“The Supreme Court examined the Arizona immigration law in minute detail, but when it came to revisiting the damage caused by its own handiwork in the 2010 Citizens United case, it couldn’t be bothered. In a single dismissive paragraph on Monday, the court’s conservative majority refused to allow Montana or any other state to impose limits on corporate election spending and wouldn’t even entertain arguments on the subject.
It is not as if those five justices could be unaware of the effects of Citizens United, and of the various court and administrative decisions that followed it. They could hardly have missed the $300 million in outside spending that deluged the 2010 Congressional elections or the reports showing that more than $1 billion will be spent by outside groups on Republican candidates this year, overwhelming the competition.
They might also have seen that many of the biggest donations are secret, given to tax-free advocacy groups in defiance even of the admonition in Citizens United that independent contributions should be disclosed.

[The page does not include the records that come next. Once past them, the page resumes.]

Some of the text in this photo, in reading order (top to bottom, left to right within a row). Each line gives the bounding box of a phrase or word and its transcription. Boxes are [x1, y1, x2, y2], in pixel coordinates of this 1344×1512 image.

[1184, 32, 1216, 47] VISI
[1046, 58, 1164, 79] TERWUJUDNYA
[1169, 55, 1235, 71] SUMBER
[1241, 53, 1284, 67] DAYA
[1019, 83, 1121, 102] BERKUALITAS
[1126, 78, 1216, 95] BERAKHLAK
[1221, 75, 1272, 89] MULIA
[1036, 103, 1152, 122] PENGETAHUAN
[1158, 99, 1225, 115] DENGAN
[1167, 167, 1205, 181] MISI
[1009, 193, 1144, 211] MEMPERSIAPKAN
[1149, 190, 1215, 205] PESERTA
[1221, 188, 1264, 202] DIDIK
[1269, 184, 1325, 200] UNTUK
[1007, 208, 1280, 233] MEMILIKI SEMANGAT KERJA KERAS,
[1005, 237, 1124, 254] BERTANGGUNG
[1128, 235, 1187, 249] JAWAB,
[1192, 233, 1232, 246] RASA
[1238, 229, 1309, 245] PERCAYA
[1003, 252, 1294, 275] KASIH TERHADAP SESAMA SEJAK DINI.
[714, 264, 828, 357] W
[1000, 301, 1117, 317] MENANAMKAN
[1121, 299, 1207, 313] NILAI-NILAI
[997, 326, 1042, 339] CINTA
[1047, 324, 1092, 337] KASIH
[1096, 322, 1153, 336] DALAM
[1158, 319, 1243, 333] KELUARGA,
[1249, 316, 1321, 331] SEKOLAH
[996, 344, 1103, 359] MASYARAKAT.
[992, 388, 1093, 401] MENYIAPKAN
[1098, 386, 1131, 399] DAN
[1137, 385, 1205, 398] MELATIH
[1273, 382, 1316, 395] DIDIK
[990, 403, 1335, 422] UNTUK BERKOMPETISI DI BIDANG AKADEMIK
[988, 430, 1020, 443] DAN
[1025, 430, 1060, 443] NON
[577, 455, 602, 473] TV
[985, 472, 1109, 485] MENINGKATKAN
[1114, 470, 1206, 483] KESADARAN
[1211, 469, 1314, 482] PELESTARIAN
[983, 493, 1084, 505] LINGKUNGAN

If the justices were at all concerned about these developments, they could have used the Montana case to revisit their decision and rein in its disastrous effects. The only conclusion is that they are quite content with the way things worked out. […]
Congress can — and should — require disclosure of secret donations. The Internal Revenue Service should crack down on political organizations that pose as tax-exempt “social welfare” organizations to avoid current disclosure rules.
But, for now, the nation’s highest court has chosen to turn its back as elections are bought by the biggest check writers.”